Many argue35 that "personhood" is determined by the appearance of the nerve net, cortex, or integration of the brain as a whole, etc. These physical structures are the physiological precondition for the capacity for sentience or "rational attributes"; or they signal the actual exercising of those capacities.

- Con:

a) The advocates for the definition of a human person only in terms of either "rational attributes", or of sentience, are using definitions with very specific philosophical presuppositions: Cartesian, rationalists or empiricists. If "rational attributes" define "personhood", then Cartesians (whose theory contains a mind/body split) cannot connect the immaterial "mind" with the physical substrate of the "brain" - there is no interaction possible.36 In addition to this problem, if rationalists define "personhood" as only "rational attributes", then true self-consciousness, autonomy, etc. is not actually present until early childhood37 (and therefore many actually argue for infanticide). If empiricists define "personhood" as only sentience, then actual complete differentiation and sentience is not complete until years after birth (and they, too, argue for infanticide).38 Finally, the precondition for the "precondition" of "rational attributes" or sentience is the human zygote itself. Therefore all of these arguments are arguments from "potential"39, and are definitionally and empirically untenable.

b) The scientific evidence for these claims is empirically vague, scientifically controversial, and only "posited" as theories.
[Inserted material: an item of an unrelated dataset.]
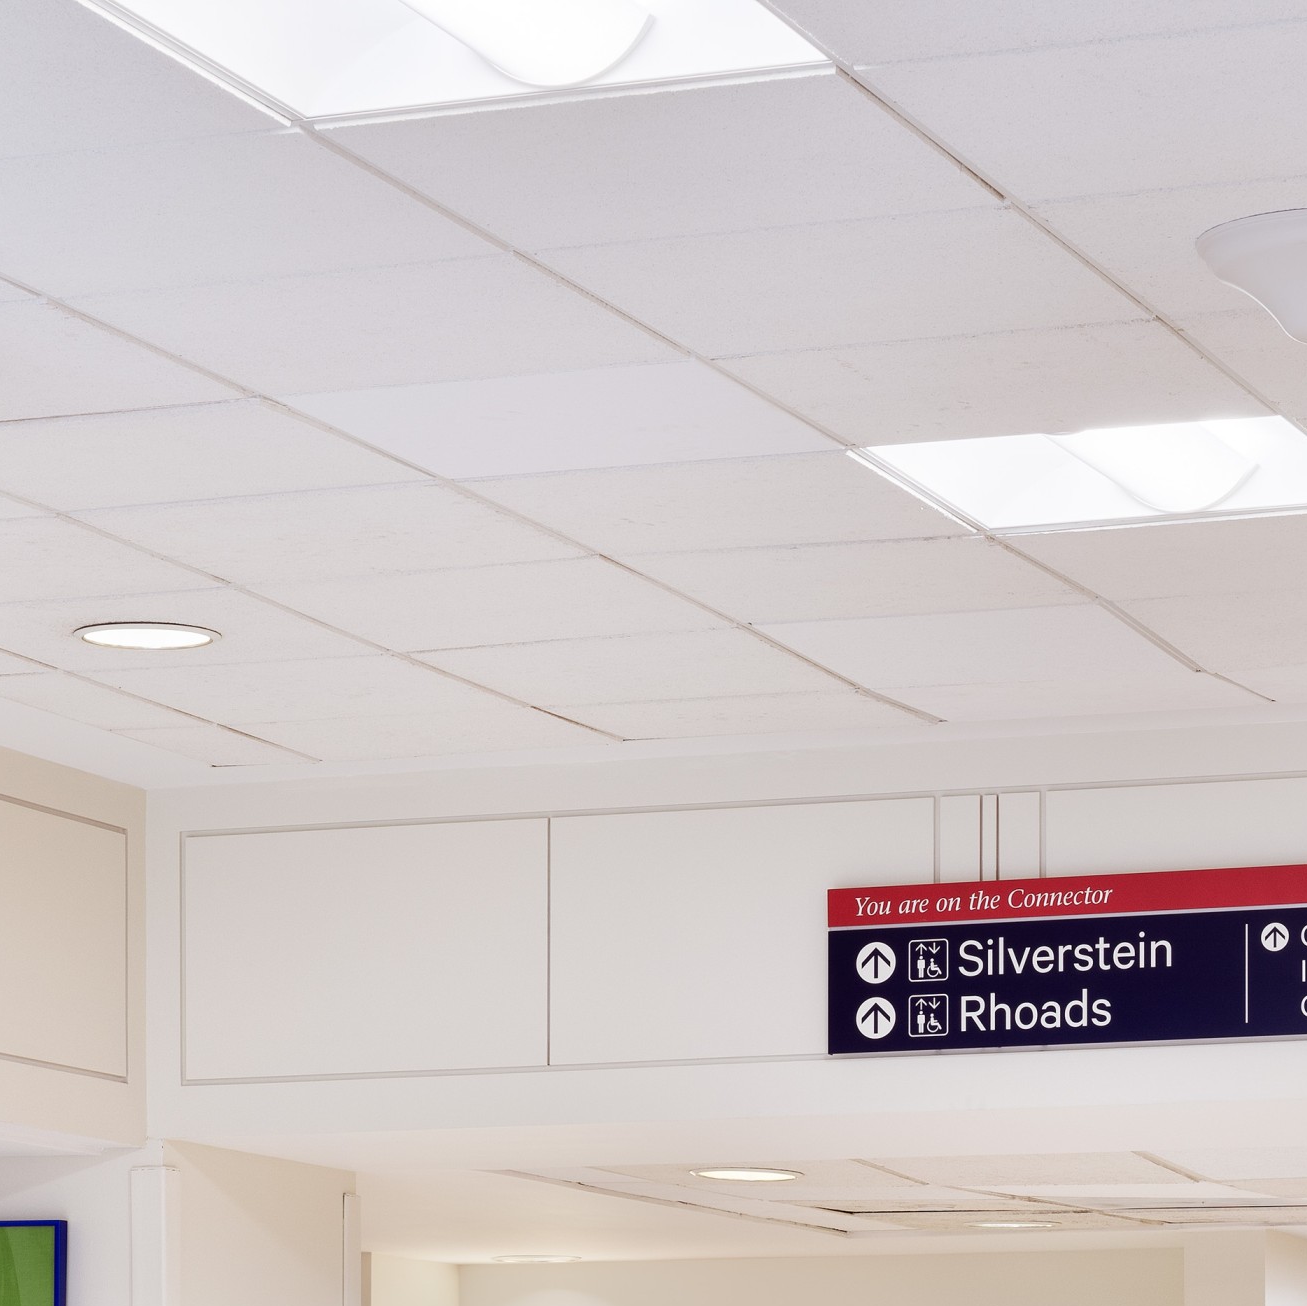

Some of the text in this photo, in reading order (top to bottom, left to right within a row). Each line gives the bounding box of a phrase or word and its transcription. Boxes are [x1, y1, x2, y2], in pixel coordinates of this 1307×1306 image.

Many scientists criticize that there is a reading into the scientific evidence more than is physiologically or conceptually possible. E.g., Jones40 argues that there is no scientific evidence which demonstrates the correlation of "consciousness" and the organizing of the nervous system. There is no valid parallel between "brain death" and "brain birth". "Brain death" is the gradual or rapid cessation of the functions of a brain; "brain birth" is the very gradual acquisition of a function of a developing neural system (which is not a brain). There are no neurological reasons for concluding that an incapacity for consciousness becomes a capacity for consciousness once this point is past. The nervous system of the 8-week fetus is quite different from that of the 8 month fetus or 2 year old child. Thus it is impossible to recognize a distinct point of transition from a "non-brain" to a "brain", or from a non-functioning nervous system to a functioning one. Therefore, Jones concludes, it is impossible to recognize a distinct point of transition from a "non-person" to a "person".

IV. Conclusion

These scientific and philosophical inaccuracies and uncertainties cast a serious doubt as to the integrity of the arguments for "delayed embryo or fetal personhood". On the other hand, the corrected science and a realistic philosophy argue much more coherently for "personhood" at fertilization. A great deal is at stake - especially considering the extent to which the pivotal issue of "personhood" grounds many other related issues in bioethics - specifically, the moral status of the early human embryo used in medical and basic research. Many of those related issues also rely on the correct definition of a "human being" or "human person". If a human being is not also simultaneously a human person from fertilization on, then not only could the infanticide (already argued in the literature) of normal human infants and young children be morally and legally permissible; many adult human populations who are not displaying "rational attributes" will not be "persons", and therefore not entitled to many benefits and protections (e.g., Alzheimer's and Parkinson's patients, patients with multiple sclerosis, the mentally ill and mentally retarded, the depressed elderly, alcoholics, drug addicts, the comatose, paraplegics, the paralyzed, etc.). Thus the conclusions about "personhood" already set in place in the abortion and human embryo research debates are not isolated consideration; those redefinitions could be transferred41 to many other child and adult human populations, as well as to many seemingly unrelated bioethics and public policy issues. This is why it is critical that these inaccuracies and redefinitions in the "personhood" arguments used in the abortion and human embryo research debates should be readdressed and corrected in the literature by genuine experts in these fields.